==== Provided data ====

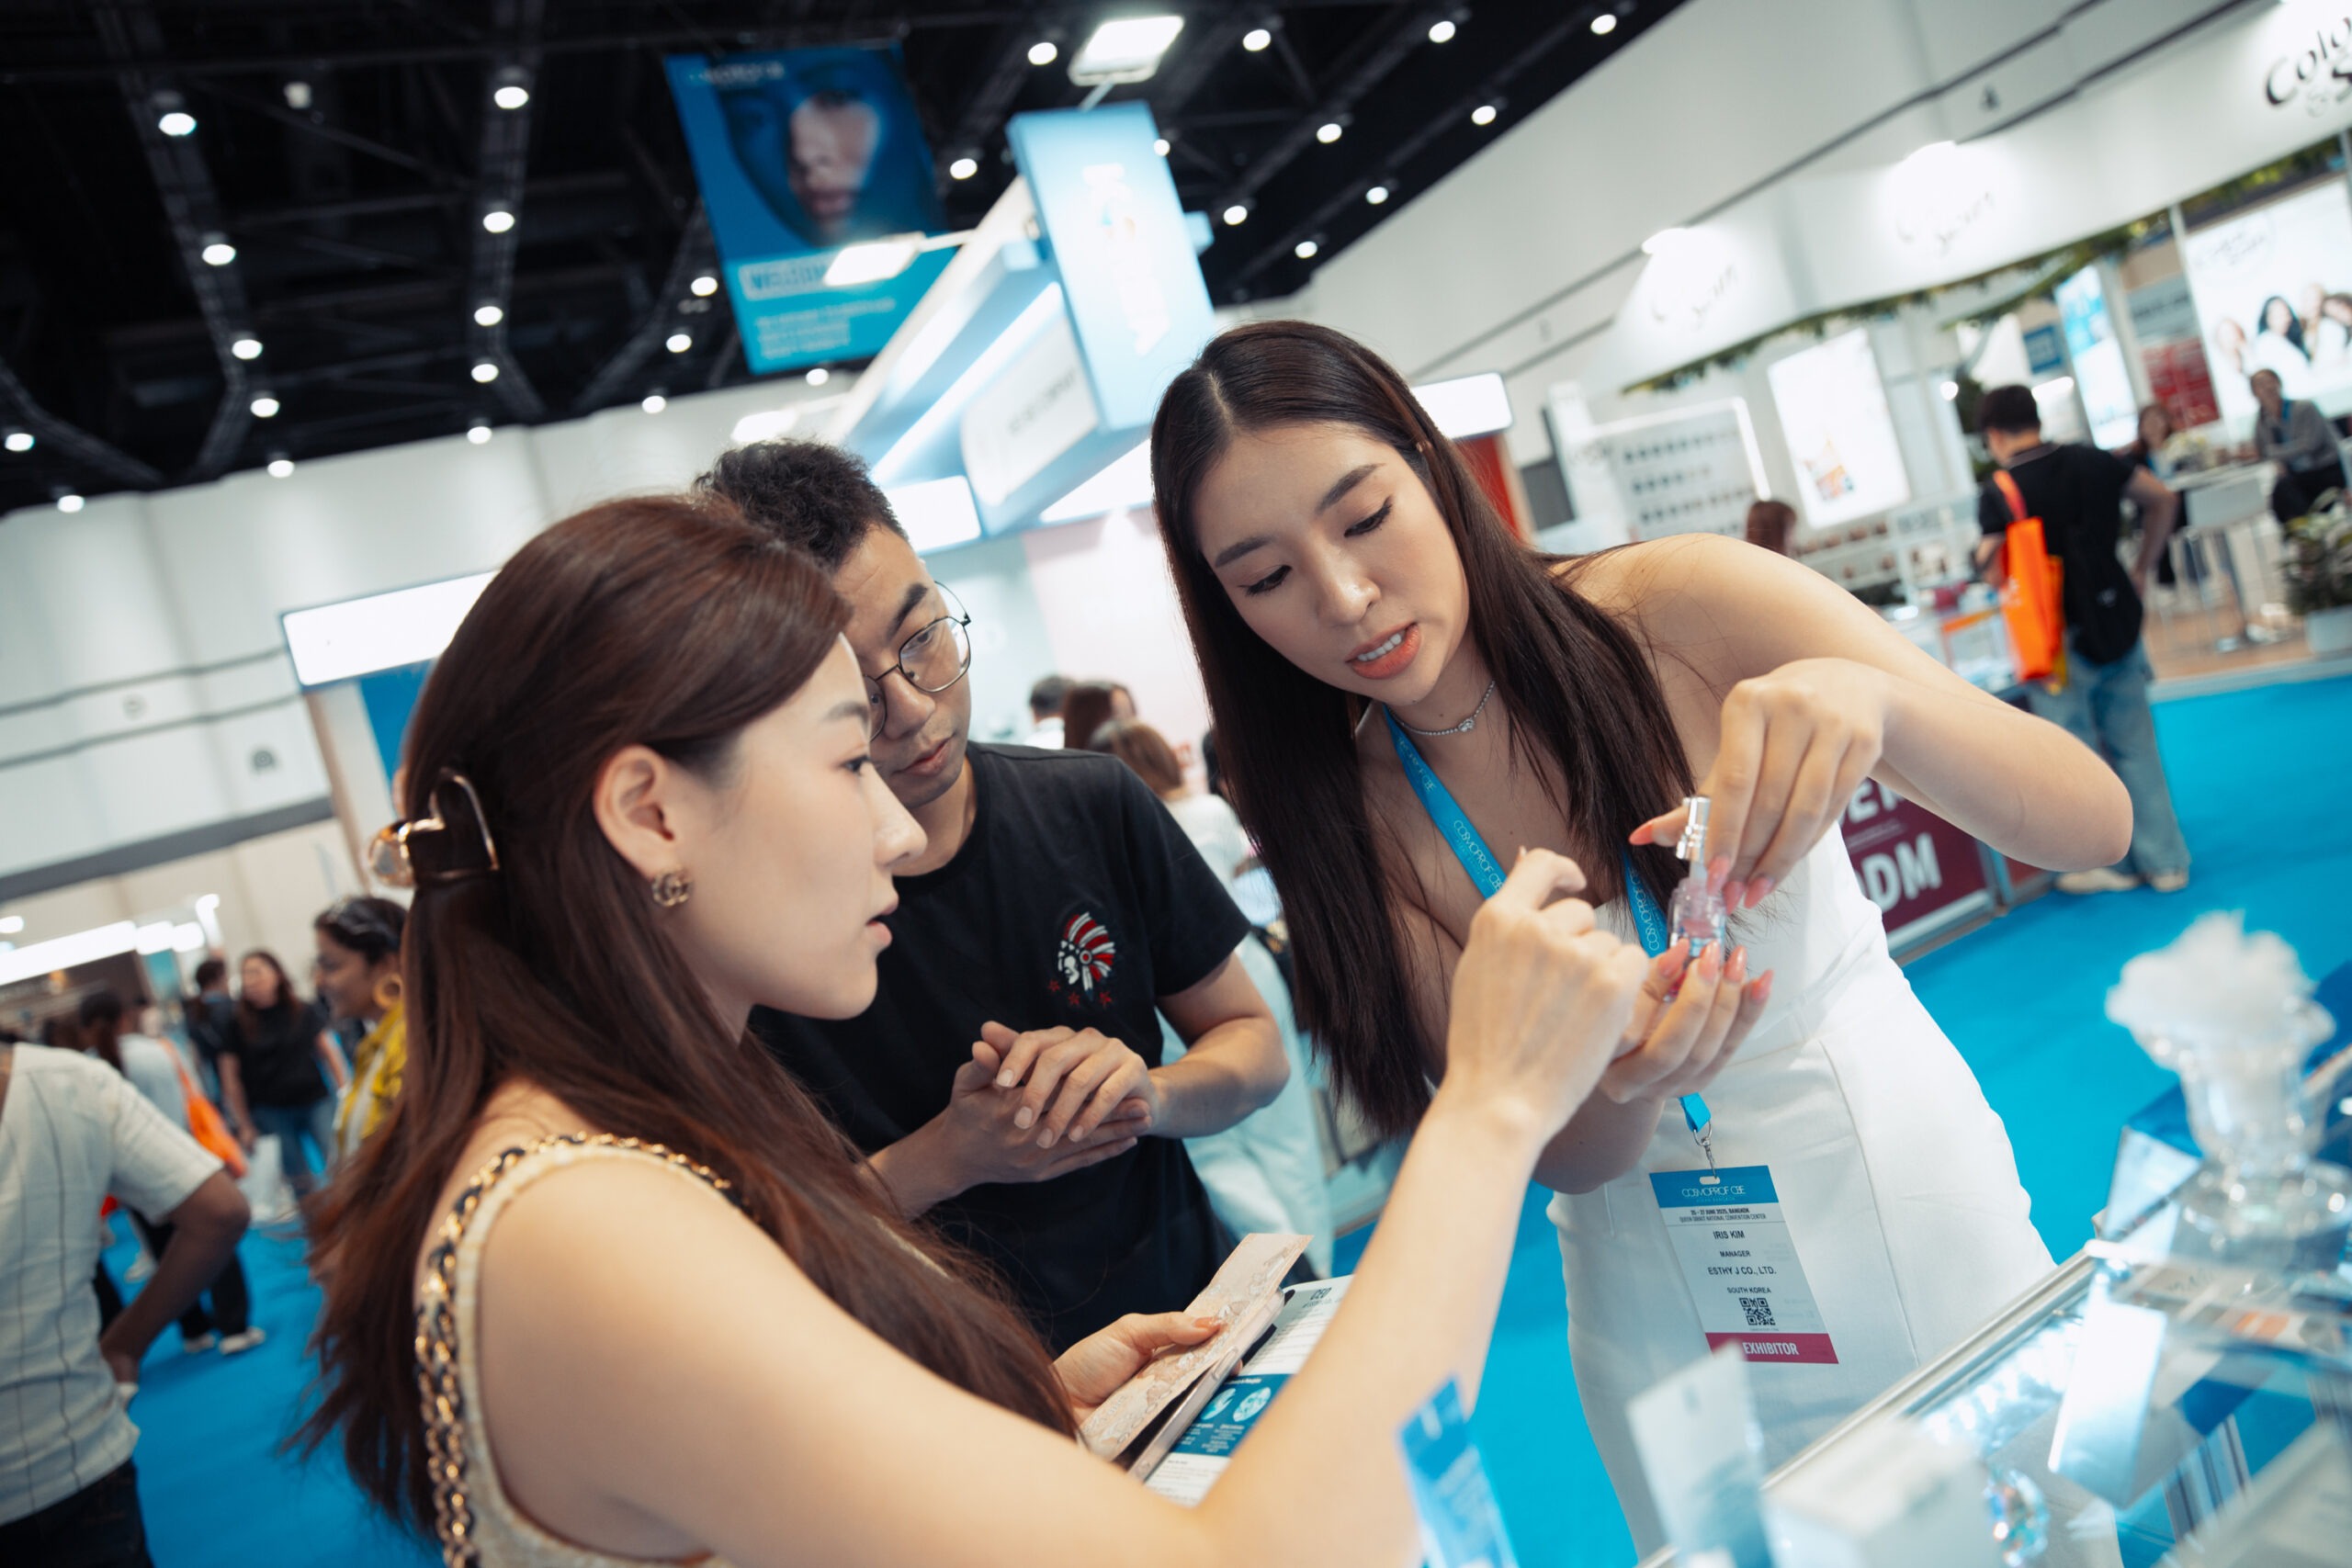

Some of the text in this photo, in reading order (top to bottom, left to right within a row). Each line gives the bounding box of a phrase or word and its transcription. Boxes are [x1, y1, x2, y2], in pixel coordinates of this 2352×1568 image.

[1453, 819, 1494, 873] COSMOPROF
[1855, 831, 1943, 913] DM
[1633, 886, 1660, 951] COSMOPROF
[1681, 1186, 1729, 1198] COSMOPROF
[1713, 1230, 1746, 1239] IRIS KIM
[1707, 1266, 1777, 1276] ESTHY J CO., LTD.
[1742, 1342, 1800, 1356] EXHIBITOR
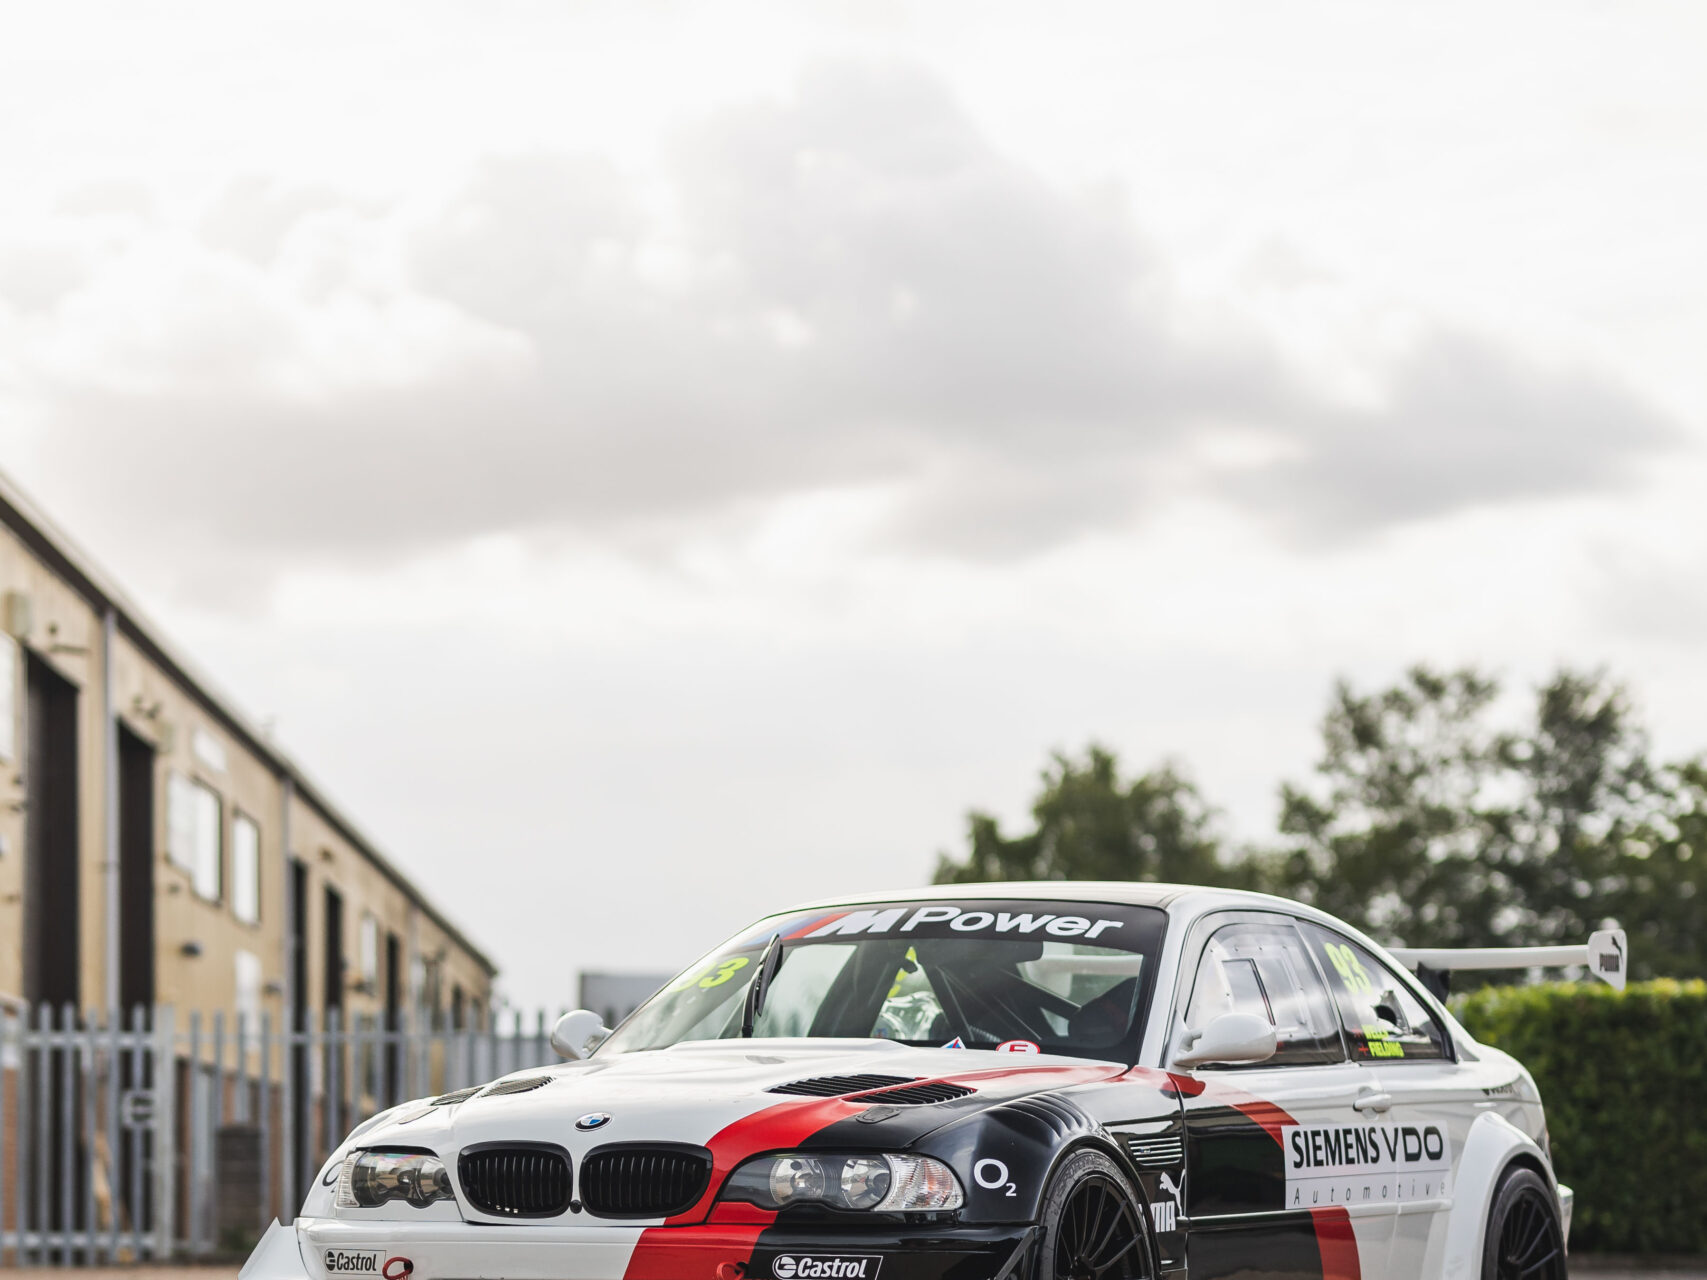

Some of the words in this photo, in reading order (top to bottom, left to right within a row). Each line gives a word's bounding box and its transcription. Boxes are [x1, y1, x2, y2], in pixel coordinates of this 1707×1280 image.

[1291, 1126, 1380, 1169] SIEMENS
[1381, 1126, 1444, 1162] VDO
[336, 1252, 377, 1271] Castrol
[797, 1257, 867, 1278] Castrol
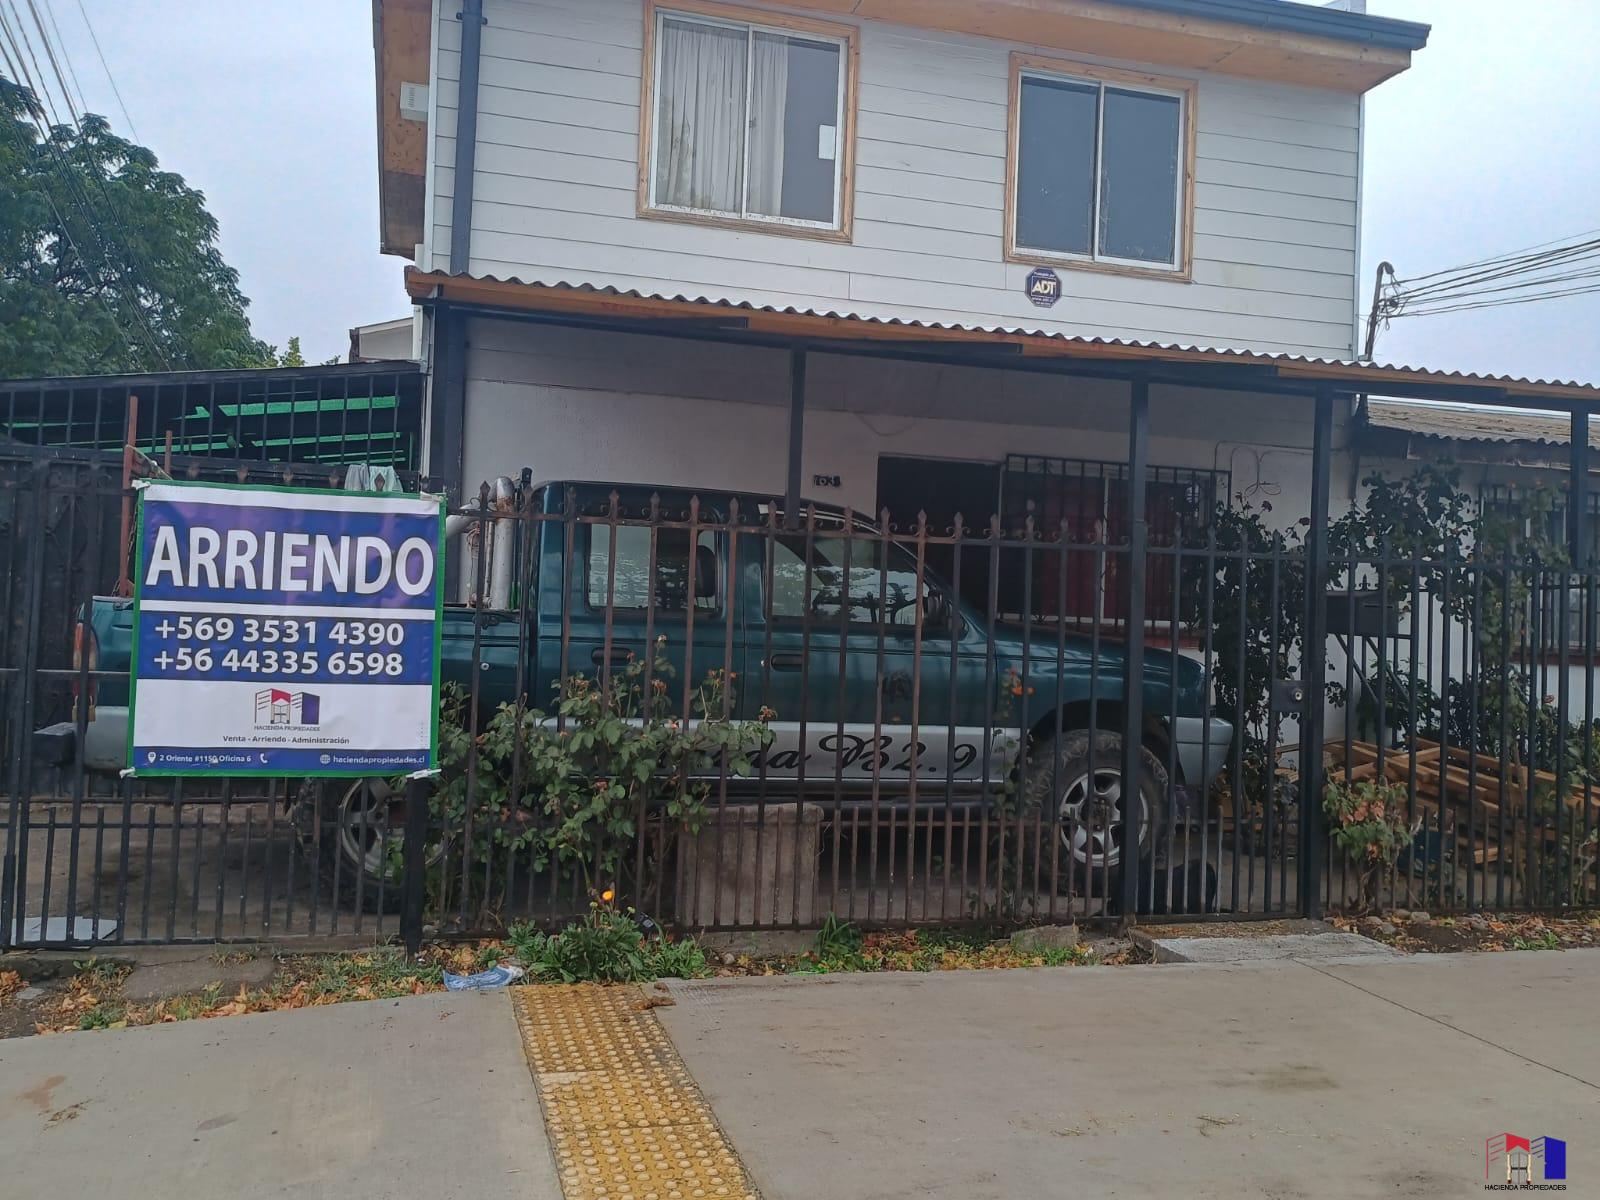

====

* **What you need to do**: Without including any pictures, reproduce the listing exactly.

* **Result of the exercise**:
Some of the text in this photo, in reading order (top to bottom, left to right within a row). Each line gives the bounding box of a phrase or word and its transcription. Boxes are [x1, y1, x2, y2], in pixel coordinates of this 2352×1568 image.

[1453, 819, 1494, 873] COSMOPROF
[1855, 831, 1943, 913] DM
[1633, 886, 1660, 951] COSMOPROF
[1681, 1186, 1729, 1198] COSMOPROF
[1713, 1230, 1746, 1239] IRIS KIM
[1707, 1266, 1777, 1276] ESTHY J CO., LTD.
[1742, 1342, 1800, 1356] EXHIBITOR

Some of the words in this photo, in reading order (top to bottom, left to right within a row). Each line gives a word's bounding box and its transcription. Boxes are [x1, y1, x2, y2], in pixel coordinates of this 1707×1280 image.

[1291, 1126, 1380, 1169] SIEMENS
[1381, 1126, 1444, 1162] VDO
[336, 1252, 377, 1271] Castrol
[797, 1257, 867, 1278] Castrol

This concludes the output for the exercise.